SOURCE INFORMATION section start

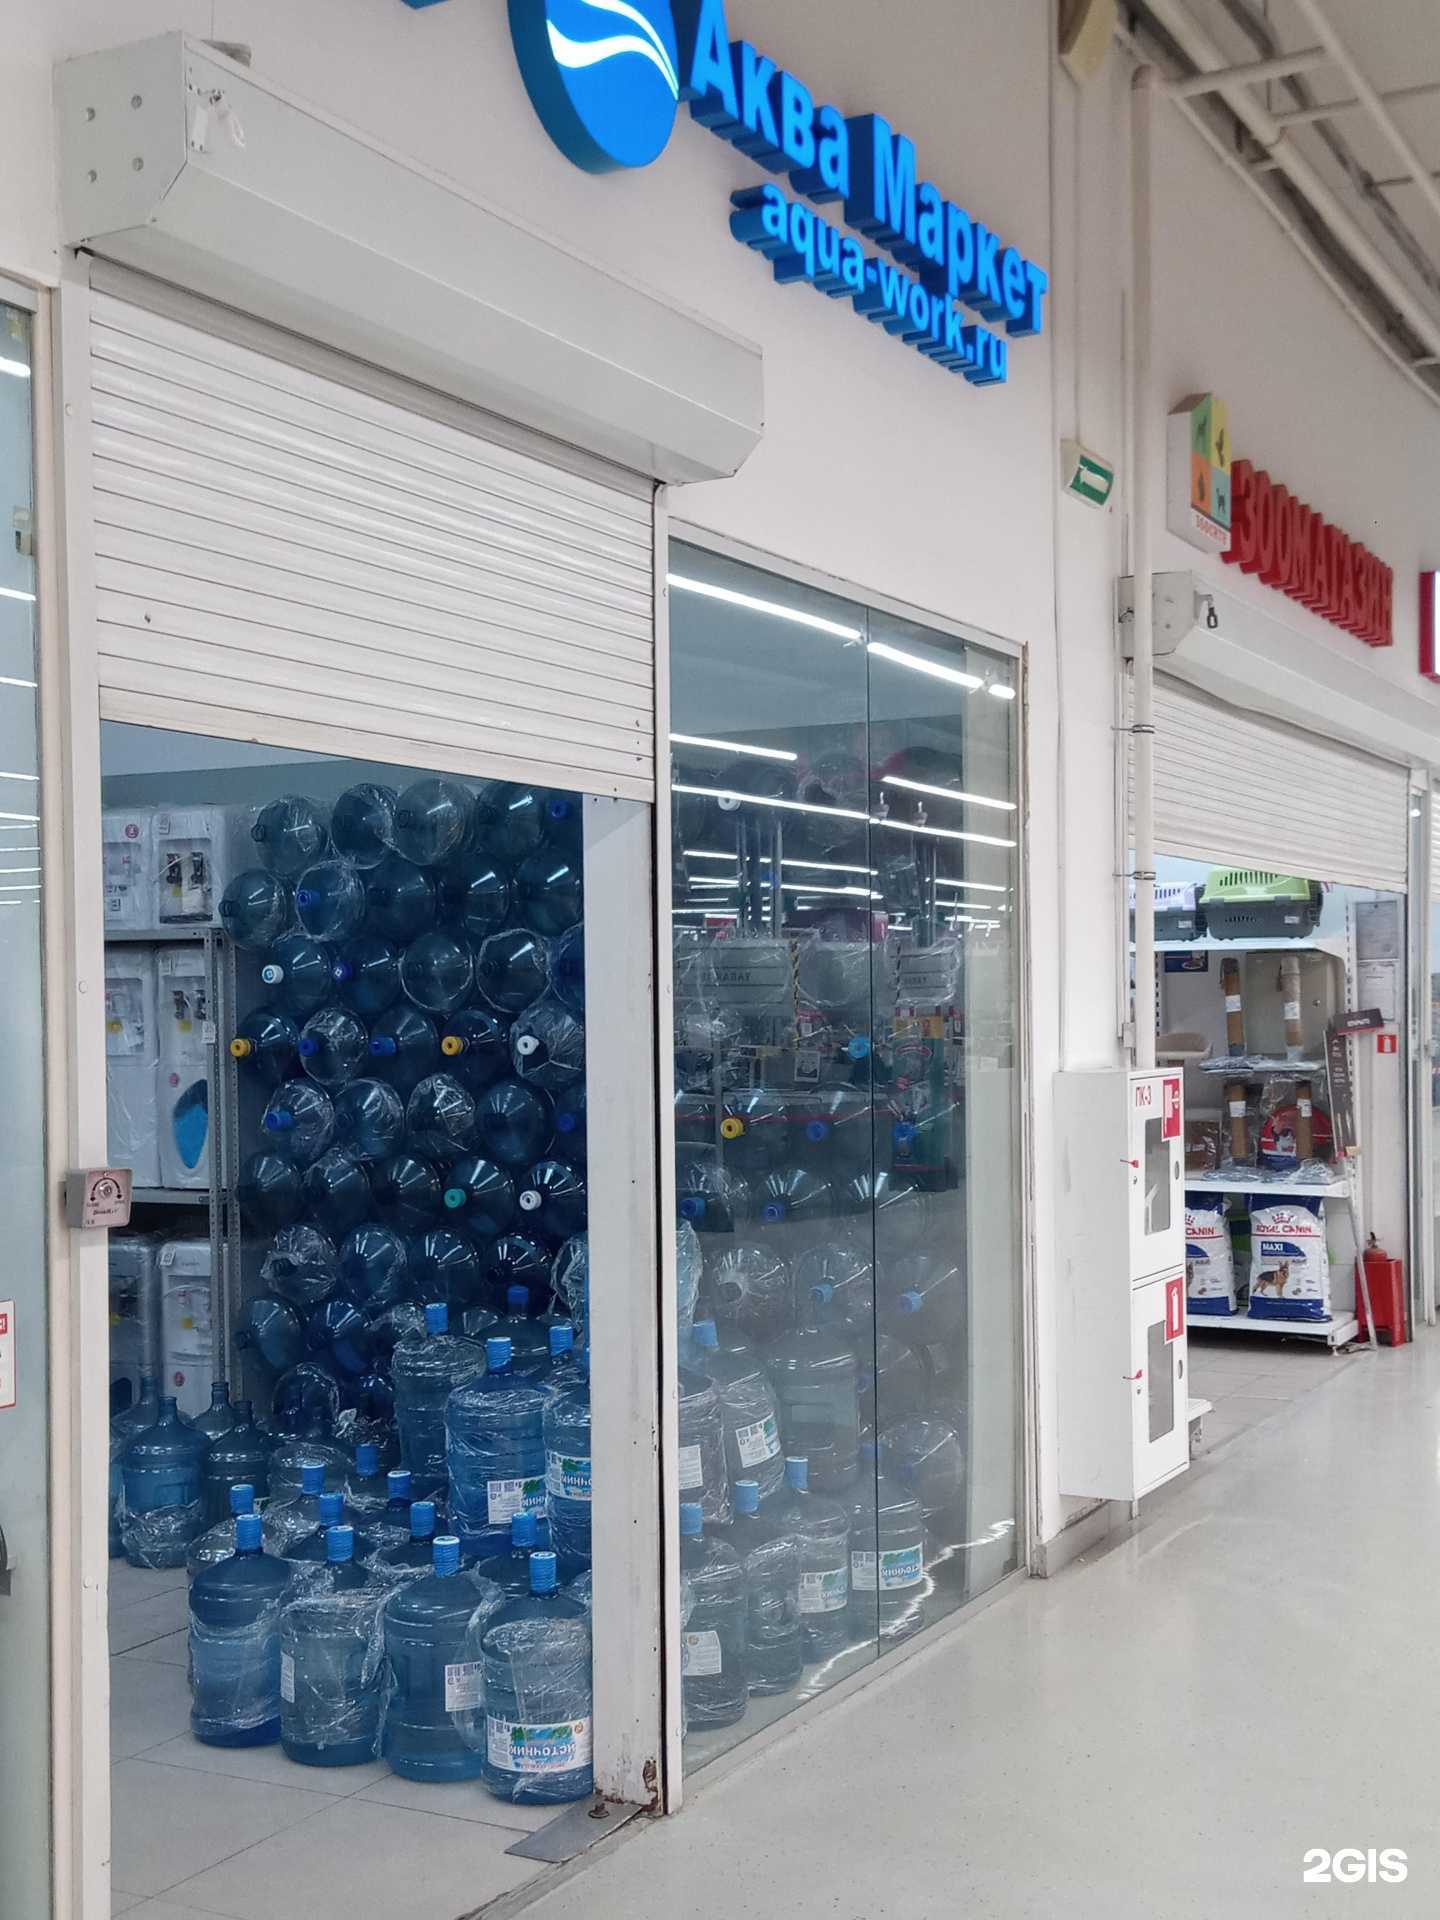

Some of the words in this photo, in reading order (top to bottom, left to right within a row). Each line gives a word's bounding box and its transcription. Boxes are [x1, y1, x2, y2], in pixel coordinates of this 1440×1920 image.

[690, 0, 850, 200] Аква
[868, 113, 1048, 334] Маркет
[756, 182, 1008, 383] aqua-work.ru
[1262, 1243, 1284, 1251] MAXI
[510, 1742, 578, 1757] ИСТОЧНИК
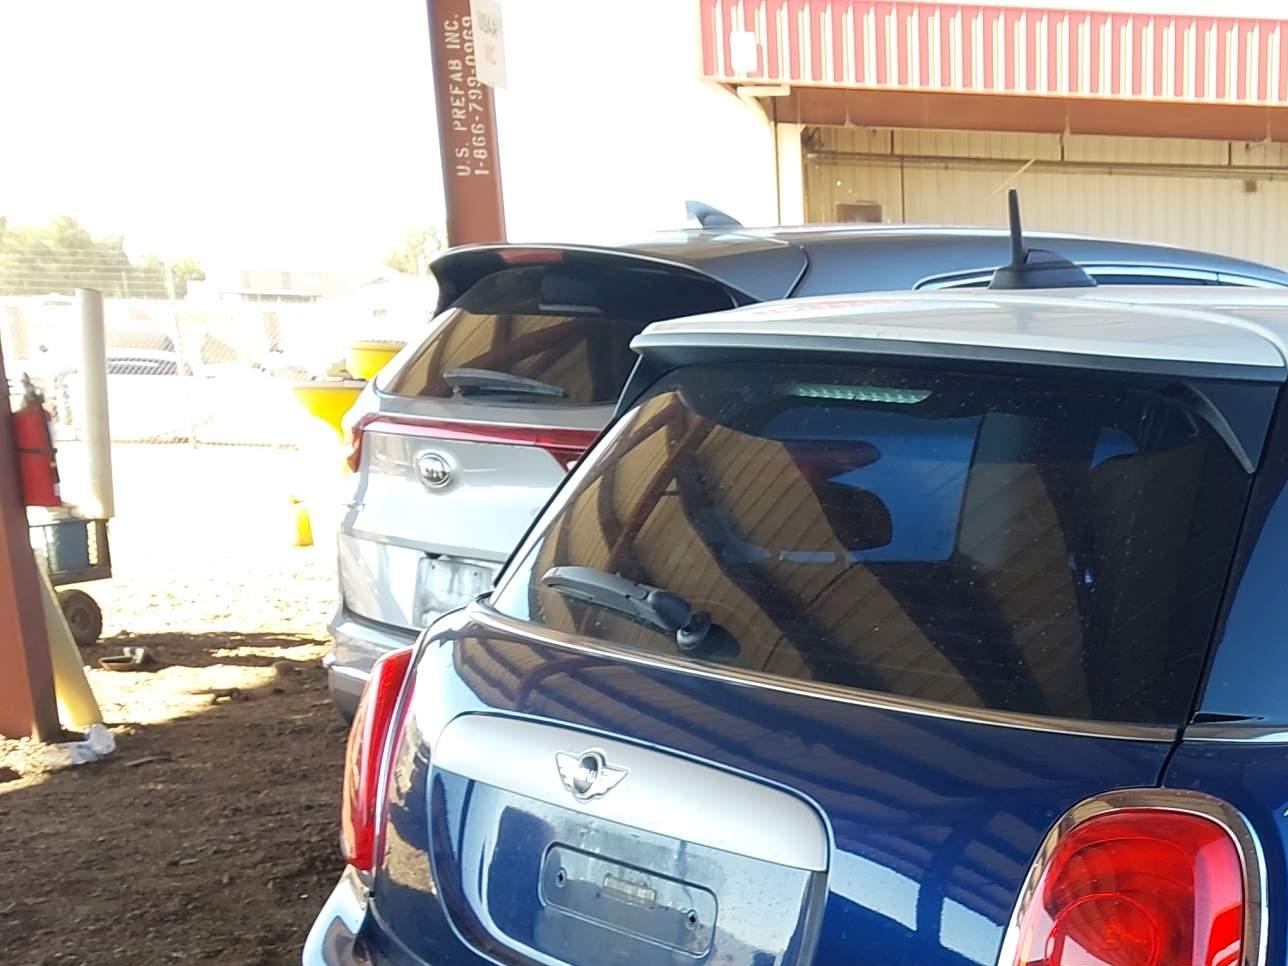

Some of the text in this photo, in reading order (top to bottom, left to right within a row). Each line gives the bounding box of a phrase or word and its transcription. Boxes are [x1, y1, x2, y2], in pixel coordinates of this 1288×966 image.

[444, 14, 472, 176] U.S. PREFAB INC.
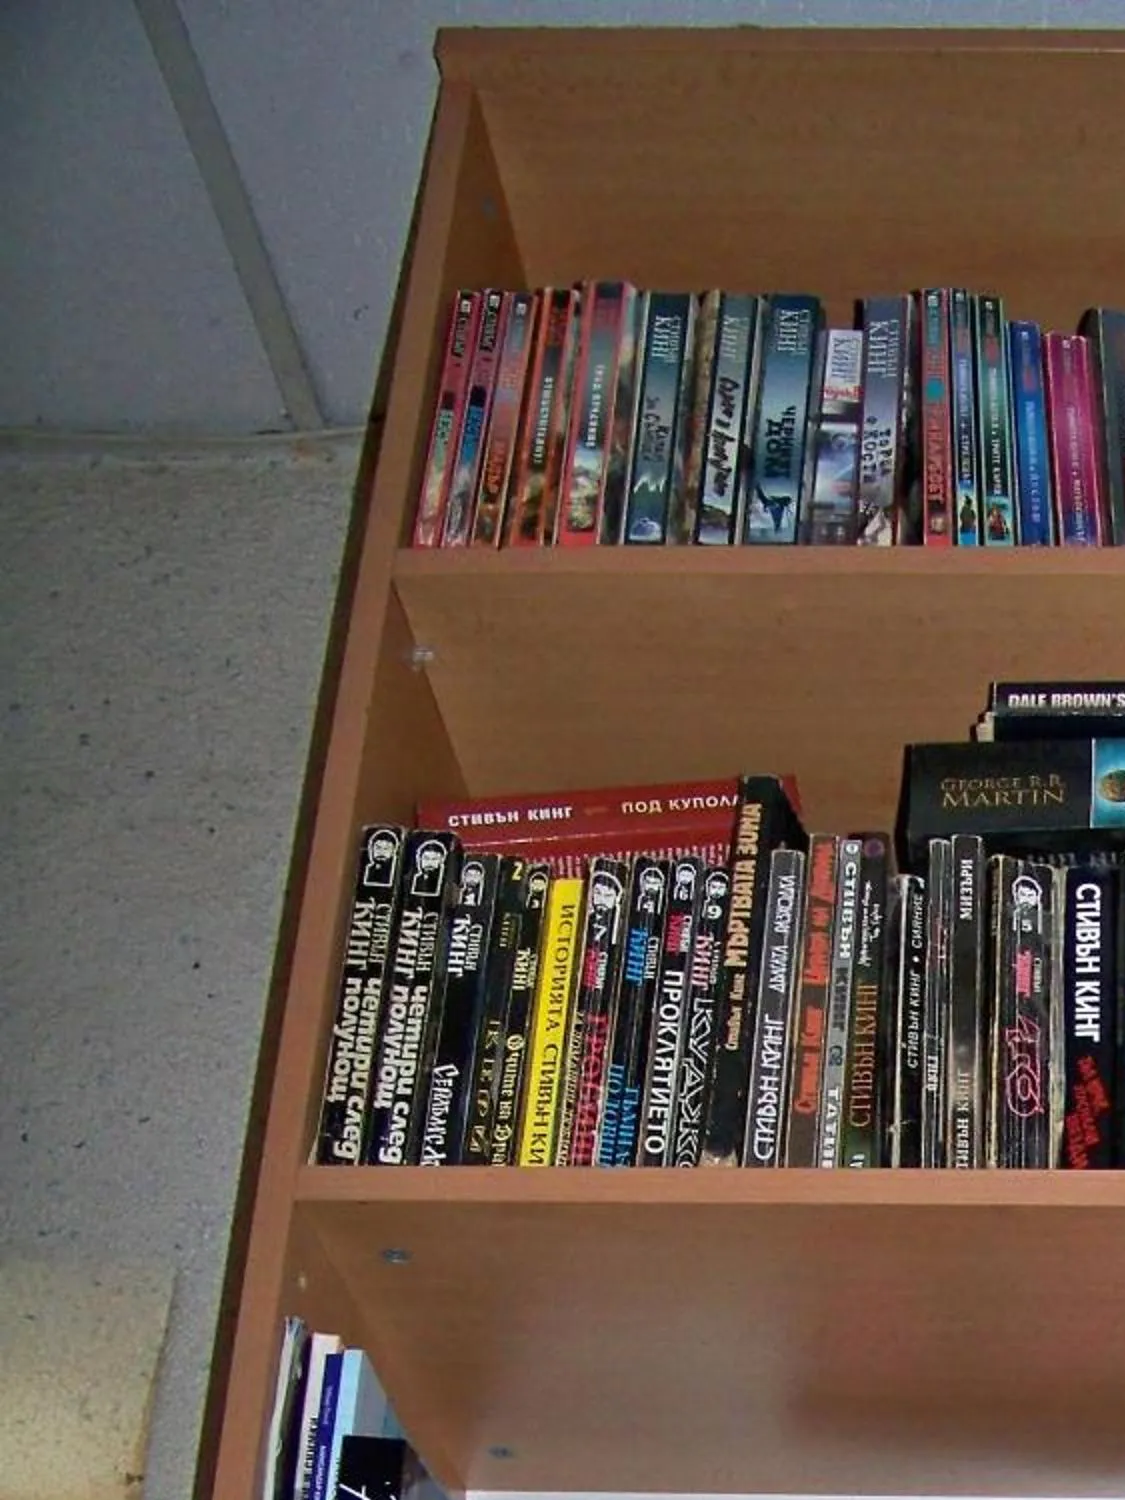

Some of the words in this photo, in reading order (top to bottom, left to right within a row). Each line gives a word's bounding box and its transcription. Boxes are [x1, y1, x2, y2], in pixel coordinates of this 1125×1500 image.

SOURCE INFORMATION section end

An exact reproduction of the data is required, with pictures excluded.

SOLUTION TO THIS PROBLEM:
Some of the words in this photo, in reading order (top to bottom, left to right within a row). Each line gives a word's bounding box and its transcription. Boxes are [x1, y1, x2, y2], in pixel coordinates of this 1440×1920 image.

[690, 0, 850, 200] Аква
[868, 113, 1048, 334] Маркет
[756, 182, 1008, 383] aqua-work.ru
[1262, 1243, 1284, 1251] MAXI
[510, 1742, 578, 1757] ИСТОЧНИК

Some of the text in this photo, in reading order (top to bottom, left to right within a row). Each line gives the bounding box of a phrase or word and its transcription. Boxes are [x1, y1, x2, y2], in pixel coordinates of this 1288×966 image.

[444, 14, 472, 176] U.S. PREFAB INC.

Some of the words in this photo, in reading order (top to bottom, left to right within a row). Each line gives a word's bounding box and its transcription. Boxes are [x1, y1, x2, y2], in pixel coordinates of this 1125×1500 image.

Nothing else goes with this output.